Lindsey Graham: SCOTUS nomination 'means the radical left has won President Biden over yet again'
Sen. Ted Cruz (R-Texas) pledges "careful consideration" of Biden's Supreme Court nominee, Ketanji Brown Jackson.
South Carolina Republican Sen. Lindsey Graham said on Friday that the nomination of Judge Ketanji Brown Jackson to the U.S. Supreme Court "means the radical Left has won President Biden over yet again."
The "attacks by the Left" on Graham's preferred candidate, Judge J. Michelle Childs, "apparently worked" since she was not nominated, said Graham, ranking member of the Senate Judiciary Committee.
Childs, a federal district court judge for the District of South Carolina, was widely seen as more moderate philosophically than the other two candidates on the administration's short list for the high court opening.
"I expect a respectful but interesting hearing in the Senate Judiciary Committee," said Graham.
"The Harvard-Yale train to the Supreme Court continues to run unabated," he added.
Jackson graduated from Harvard University and Harvard Law School.
Texas Republican Sen. Ted Cruz, a member of the Senate Judiciary Committee, said Friday that he will carefully consider Jackson's nomination.
Cruz congratulated Jackson and said he looks forward to sitting down with her.
"While I have concerns about how President Biden is handling this nomination process, I look forward to evaluating Judge Jackson on her record, views, and judicial philosophy alone," Cruz said Friday. "Sadly, Senate Democrats have undermined the American people's confidence in previous judicial confirmation processes with vicious personal smears and unfounded accusations.

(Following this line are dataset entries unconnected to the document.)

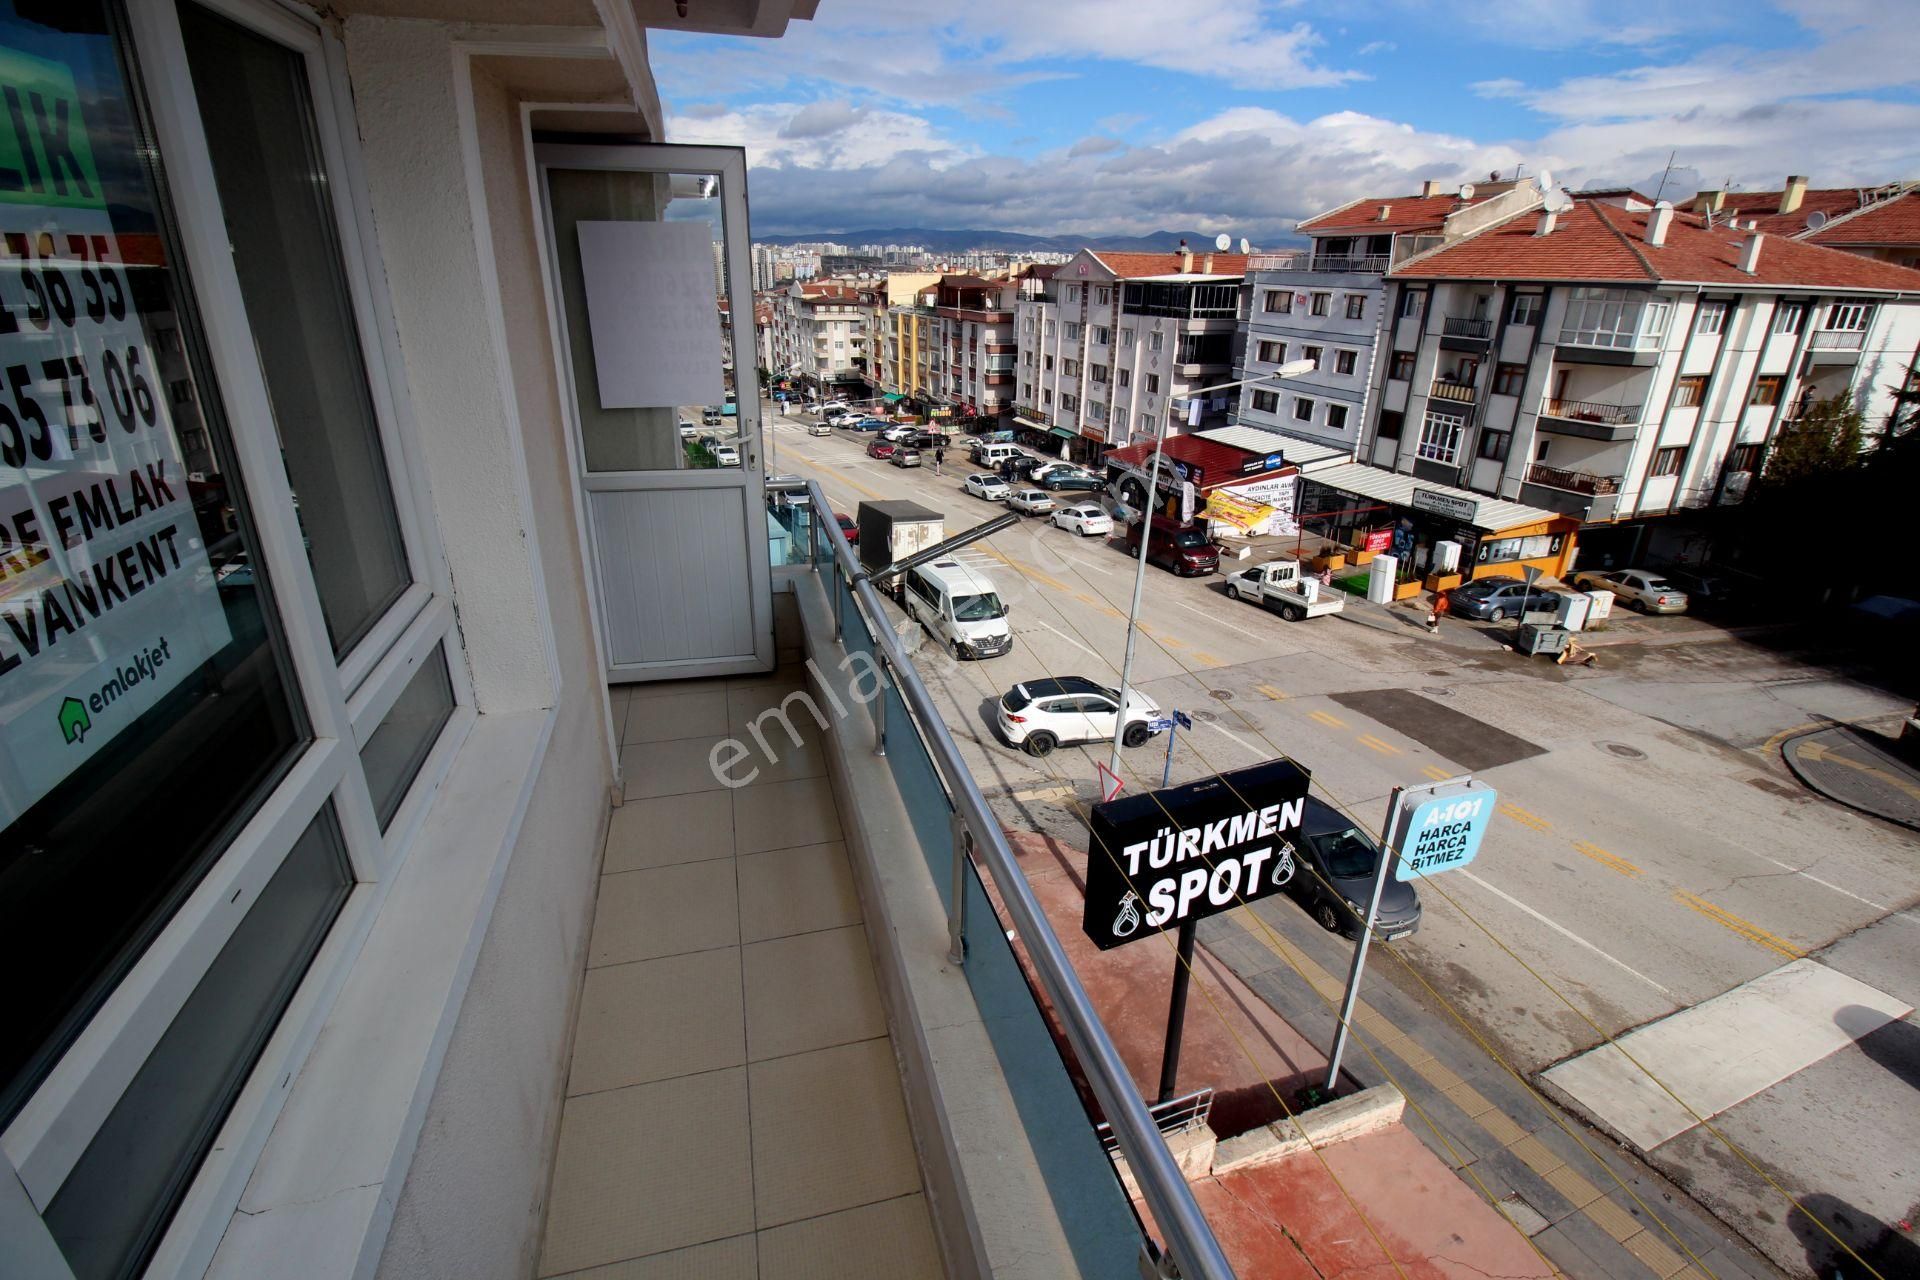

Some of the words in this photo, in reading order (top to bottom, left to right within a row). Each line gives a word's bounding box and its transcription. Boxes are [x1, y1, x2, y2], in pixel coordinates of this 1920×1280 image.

[4, 232, 75, 331] 36
[67, 233, 126, 325] 35
[42, 354, 107, 451] 73
[103, 345, 156, 434] 06
[47, 458, 177, 551] EMLAK
[1247, 483, 1279, 492] AYDINLAR
[1421, 492, 1450, 504] TÜRKMEN
[1450, 500, 1468, 508] SPOT
[89, 636, 170, 714] emlakjet
[1123, 797, 1305, 876] TÜRKMEN
[1414, 834, 1468, 857] HARCA
[1418, 820, 1472, 843] HARCA
[1145, 846, 1274, 928] SPOT
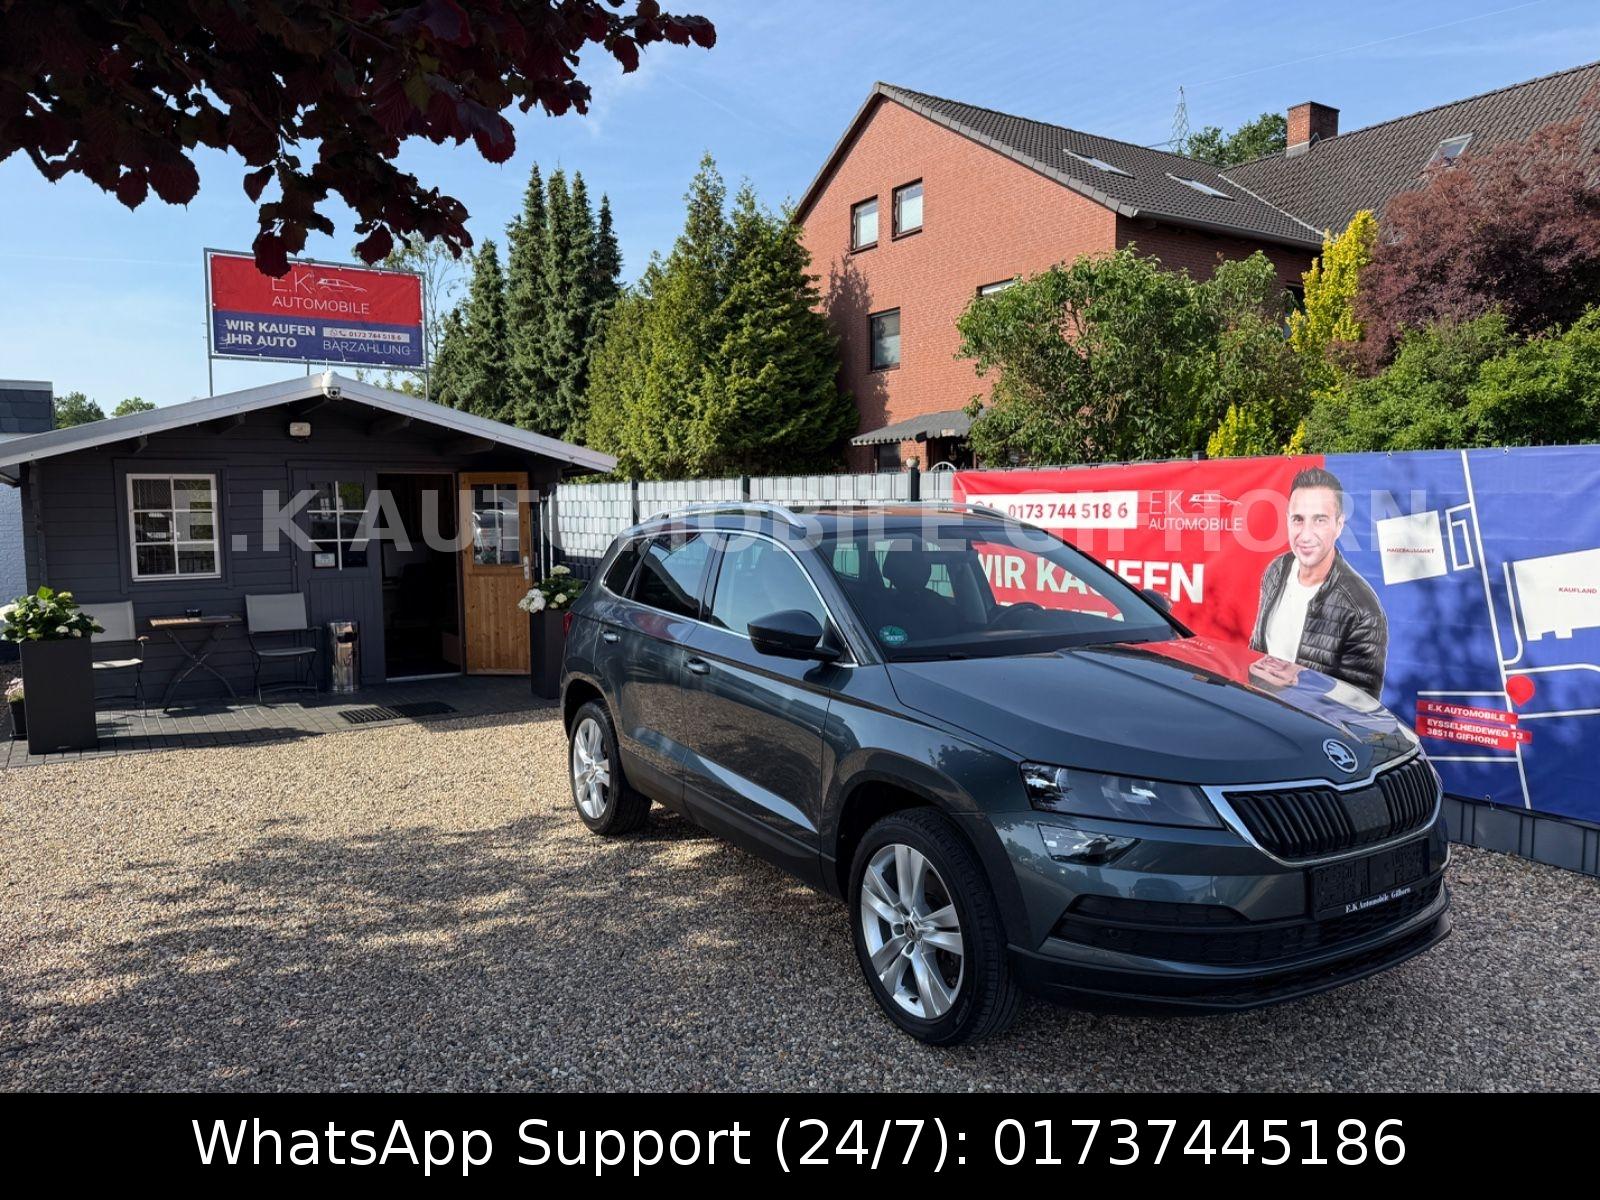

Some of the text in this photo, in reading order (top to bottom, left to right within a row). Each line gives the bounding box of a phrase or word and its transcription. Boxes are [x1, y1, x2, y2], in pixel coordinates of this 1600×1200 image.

"These kinds of shameless attacks demeaned the Senate and made a mockery of our constitutional role in providing advice and consent to the president on nominations. I believe Judge Jackson should be treated with the dignity and decorum that has been lacking from the consideration of past nominations."
Cruz said Texans deserve a "rigorous investigation" of Jackson's nomination.
"This is especially key in a time when too many parts of our executive and judicial branches are at risk of politicization, and when Americans face crises directly related to our legal system with unenforced federal laws at our border and in prosecutors' offices across the country," he said.
"While I previously voted against confirming Judge Jackson to her current position on the D.C. Circuit, I will engage in careful consideration of her nomination," he continued. "I will closely scrutinize her record, as I firmly believe that justices must hold fidelity to the Constitution and the proper role of a judge — that of an impartial jurist, not a robed partisan."